** Information provided follows **

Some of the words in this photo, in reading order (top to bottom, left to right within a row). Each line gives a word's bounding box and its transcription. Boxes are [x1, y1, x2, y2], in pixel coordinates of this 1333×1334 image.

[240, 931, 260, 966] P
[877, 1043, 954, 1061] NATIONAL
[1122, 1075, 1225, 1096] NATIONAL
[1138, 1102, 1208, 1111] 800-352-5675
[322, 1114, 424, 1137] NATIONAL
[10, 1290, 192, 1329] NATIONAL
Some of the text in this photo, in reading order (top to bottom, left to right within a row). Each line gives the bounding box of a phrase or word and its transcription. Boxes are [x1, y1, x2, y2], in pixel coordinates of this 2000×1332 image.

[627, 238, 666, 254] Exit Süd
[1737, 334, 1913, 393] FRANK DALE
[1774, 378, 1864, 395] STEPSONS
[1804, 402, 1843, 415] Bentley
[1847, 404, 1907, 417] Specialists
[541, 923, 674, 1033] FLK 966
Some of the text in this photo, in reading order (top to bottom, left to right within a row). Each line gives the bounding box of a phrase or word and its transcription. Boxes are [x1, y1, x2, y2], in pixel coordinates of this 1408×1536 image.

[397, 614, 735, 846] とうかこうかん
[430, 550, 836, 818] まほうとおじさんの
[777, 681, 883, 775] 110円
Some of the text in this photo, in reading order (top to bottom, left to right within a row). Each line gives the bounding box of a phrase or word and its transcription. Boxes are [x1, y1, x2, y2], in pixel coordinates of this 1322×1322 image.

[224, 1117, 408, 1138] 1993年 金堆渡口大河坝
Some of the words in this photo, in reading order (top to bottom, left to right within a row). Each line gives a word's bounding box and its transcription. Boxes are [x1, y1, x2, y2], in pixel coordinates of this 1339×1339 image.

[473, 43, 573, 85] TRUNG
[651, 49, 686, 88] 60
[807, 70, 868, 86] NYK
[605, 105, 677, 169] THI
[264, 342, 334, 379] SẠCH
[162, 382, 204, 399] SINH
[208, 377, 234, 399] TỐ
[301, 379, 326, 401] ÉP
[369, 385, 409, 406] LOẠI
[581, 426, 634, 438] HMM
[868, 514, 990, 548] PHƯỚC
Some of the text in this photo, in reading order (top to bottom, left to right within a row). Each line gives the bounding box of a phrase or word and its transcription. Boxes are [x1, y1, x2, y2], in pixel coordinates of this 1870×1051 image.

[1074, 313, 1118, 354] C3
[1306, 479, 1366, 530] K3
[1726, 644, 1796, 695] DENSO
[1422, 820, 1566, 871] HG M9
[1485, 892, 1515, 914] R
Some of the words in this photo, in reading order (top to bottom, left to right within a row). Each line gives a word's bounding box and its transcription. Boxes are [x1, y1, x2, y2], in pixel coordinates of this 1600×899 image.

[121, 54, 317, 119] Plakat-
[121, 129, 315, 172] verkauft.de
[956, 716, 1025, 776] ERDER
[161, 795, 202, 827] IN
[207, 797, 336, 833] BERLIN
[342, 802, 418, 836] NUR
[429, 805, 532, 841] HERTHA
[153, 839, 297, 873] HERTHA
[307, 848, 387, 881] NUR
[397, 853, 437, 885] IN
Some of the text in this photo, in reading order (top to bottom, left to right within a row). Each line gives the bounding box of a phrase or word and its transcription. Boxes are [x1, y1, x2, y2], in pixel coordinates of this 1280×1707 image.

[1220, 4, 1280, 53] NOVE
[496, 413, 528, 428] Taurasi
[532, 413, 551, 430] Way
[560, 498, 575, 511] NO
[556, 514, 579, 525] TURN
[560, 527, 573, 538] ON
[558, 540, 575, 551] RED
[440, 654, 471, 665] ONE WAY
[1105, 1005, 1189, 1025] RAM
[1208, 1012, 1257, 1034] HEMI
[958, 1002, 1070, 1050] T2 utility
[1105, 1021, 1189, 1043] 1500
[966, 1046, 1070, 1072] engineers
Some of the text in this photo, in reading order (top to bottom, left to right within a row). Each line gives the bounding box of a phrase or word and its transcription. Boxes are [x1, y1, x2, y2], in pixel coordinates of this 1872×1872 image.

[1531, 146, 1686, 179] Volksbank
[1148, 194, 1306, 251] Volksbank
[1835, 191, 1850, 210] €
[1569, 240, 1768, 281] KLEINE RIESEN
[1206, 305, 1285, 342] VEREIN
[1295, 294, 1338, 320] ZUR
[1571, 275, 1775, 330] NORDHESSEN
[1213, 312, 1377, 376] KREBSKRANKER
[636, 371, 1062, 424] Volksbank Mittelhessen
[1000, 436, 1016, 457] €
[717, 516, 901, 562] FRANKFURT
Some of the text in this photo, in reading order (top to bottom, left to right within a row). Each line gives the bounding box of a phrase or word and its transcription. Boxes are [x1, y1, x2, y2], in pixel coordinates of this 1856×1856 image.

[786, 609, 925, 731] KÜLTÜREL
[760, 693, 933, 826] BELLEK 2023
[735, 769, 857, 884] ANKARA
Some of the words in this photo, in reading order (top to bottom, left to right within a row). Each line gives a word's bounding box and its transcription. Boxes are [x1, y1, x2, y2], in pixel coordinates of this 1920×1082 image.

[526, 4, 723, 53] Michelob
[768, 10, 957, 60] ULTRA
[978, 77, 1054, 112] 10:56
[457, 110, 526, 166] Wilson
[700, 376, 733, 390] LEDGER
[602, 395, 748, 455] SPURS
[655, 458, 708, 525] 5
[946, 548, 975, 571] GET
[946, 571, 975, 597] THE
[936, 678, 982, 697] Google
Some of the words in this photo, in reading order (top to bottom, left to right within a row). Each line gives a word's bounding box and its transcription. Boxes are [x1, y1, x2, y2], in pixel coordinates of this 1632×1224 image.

** End of Information provided **

## Work required
Copy every record once more, exactly as given.

## Expected output
Some of the words in this photo, in reading order (top to bottom, left to right within a row). Each line gives a word's bounding box and its transcription. Boxes are [x1, y1, x2, y2], in pixel coordinates of this 1333×1334 image.

[240, 931, 260, 966] P
[877, 1043, 954, 1061] NATIONAL
[1122, 1075, 1225, 1096] NATIONAL
[1138, 1102, 1208, 1111] 800-352-5675
[322, 1114, 424, 1137] NATIONAL
[10, 1290, 192, 1329] NATIONAL
Some of the text in this photo, in reading order (top to bottom, left to right within a row). Each line gives the bounding box of a phrase or word and its transcription. Boxes are [x1, y1, x2, y2], in pixel coordinates of this 2000×1332 image.

[627, 238, 666, 254] Exit Süd
[1737, 334, 1913, 393] FRANK DALE
[1774, 378, 1864, 395] STEPSONS
[1804, 402, 1843, 415] Bentley
[1847, 404, 1907, 417] Specialists
[541, 923, 674, 1033] FLK 966
Some of the text in this photo, in reading order (top to bottom, left to right within a row). Each line gives the bounding box of a phrase or word and its transcription. Boxes are [x1, y1, x2, y2], in pixel coordinates of this 1408×1536 image.

[397, 614, 735, 846] とうかこうかん
[430, 550, 836, 818] まほうとおじさんの
[777, 681, 883, 775] 110円
Some of the text in this photo, in reading order (top to bottom, left to right within a row). Each line gives the bounding box of a phrase or word and its transcription. Boxes are [x1, y1, x2, y2], in pixel coordinates of this 1322×1322 image.

[224, 1117, 408, 1138] 1993年 金堆渡口大河坝
Some of the words in this photo, in reading order (top to bottom, left to right within a row). Each line gives a word's bounding box and its transcription. Boxes are [x1, y1, x2, y2], in pixel coordinates of this 1339×1339 image.

[473, 43, 573, 85] TRUNG
[651, 49, 686, 88] 60
[807, 70, 868, 86] NYK
[605, 105, 677, 169] THI
[264, 342, 334, 379] SẠCH
[162, 382, 204, 399] SINH
[208, 377, 234, 399] TỐ
[301, 379, 326, 401] ÉP
[369, 385, 409, 406] LOẠI
[581, 426, 634, 438] HMM
[868, 514, 990, 548] PHƯỚC
Some of the text in this photo, in reading order (top to bottom, left to right within a row). Each line gives the bounding box of a phrase or word and its transcription. Boxes are [x1, y1, x2, y2], in pixel coordinates of this 1870×1051 image.

[1074, 313, 1118, 354] C3
[1306, 479, 1366, 530] K3
[1726, 644, 1796, 695] DENSO
[1422, 820, 1566, 871] HG M9
[1485, 892, 1515, 914] R
Some of the words in this photo, in reading order (top to bottom, left to right within a row). Each line gives a word's bounding box and its transcription. Boxes are [x1, y1, x2, y2], in pixel coordinates of this 1600×899 image.

[121, 54, 317, 119] Plakat-
[121, 129, 315, 172] verkauft.de
[956, 716, 1025, 776] ERDER
[161, 795, 202, 827] IN
[207, 797, 336, 833] BERLIN
[342, 802, 418, 836] NUR
[429, 805, 532, 841] HERTHA
[153, 839, 297, 873] HERTHA
[307, 848, 387, 881] NUR
[397, 853, 437, 885] IN
Some of the text in this photo, in reading order (top to bottom, left to right within a row). Each line gives the bounding box of a phrase or word and its transcription. Boxes are [x1, y1, x2, y2], in pixel coordinates of this 1280×1707 image.

[1220, 4, 1280, 53] NOVE
[496, 413, 528, 428] Taurasi
[532, 413, 551, 430] Way
[560, 498, 575, 511] NO
[556, 514, 579, 525] TURN
[560, 527, 573, 538] ON
[558, 540, 575, 551] RED
[440, 654, 471, 665] ONE WAY
[1105, 1005, 1189, 1025] RAM
[1208, 1012, 1257, 1034] HEMI
[958, 1002, 1070, 1050] T2 utility
[1105, 1021, 1189, 1043] 1500
[966, 1046, 1070, 1072] engineers
Some of the text in this photo, in reading order (top to bottom, left to right within a row). Each line gives the bounding box of a phrase or word and its transcription. Boxes are [x1, y1, x2, y2], in pixel coordinates of this 1872×1872 image.

[1531, 146, 1686, 179] Volksbank
[1148, 194, 1306, 251] Volksbank
[1835, 191, 1850, 210] €
[1569, 240, 1768, 281] KLEINE RIESEN
[1206, 305, 1285, 342] VEREIN
[1295, 294, 1338, 320] ZUR
[1571, 275, 1775, 330] NORDHESSEN
[1213, 312, 1377, 376] KREBSKRANKER
[636, 371, 1062, 424] Volksbank Mittelhessen
[1000, 436, 1016, 457] €
[717, 516, 901, 562] FRANKFURT
Some of the text in this photo, in reading order (top to bottom, left to right within a row). Each line gives the bounding box of a phrase or word and its transcription. Boxes are [x1, y1, x2, y2], in pixel coordinates of this 1856×1856 image.

[786, 609, 925, 731] KÜLTÜREL
[760, 693, 933, 826] BELLEK 2023
[735, 769, 857, 884] ANKARA
Some of the words in this photo, in reading order (top to bottom, left to right within a row). Each line gives a word's bounding box and its transcription. Boxes are [x1, y1, x2, y2], in pixel coordinates of this 1920×1082 image.

[526, 4, 723, 53] Michelob
[768, 10, 957, 60] ULTRA
[978, 77, 1054, 112] 10:56
[457, 110, 526, 166] Wilson
[700, 376, 733, 390] LEDGER
[602, 395, 748, 455] SPURS
[655, 458, 708, 525] 5
[946, 548, 975, 571] GET
[946, 571, 975, 597] THE
[936, 678, 982, 697] Google
Some of the words in this photo, in reading order (top to bottom, left to right within a row). Each line gives a word's bounding box and its transcription. Boxes are [x1, y1, x2, y2], in pixel coordinates of this 1632×1224 image.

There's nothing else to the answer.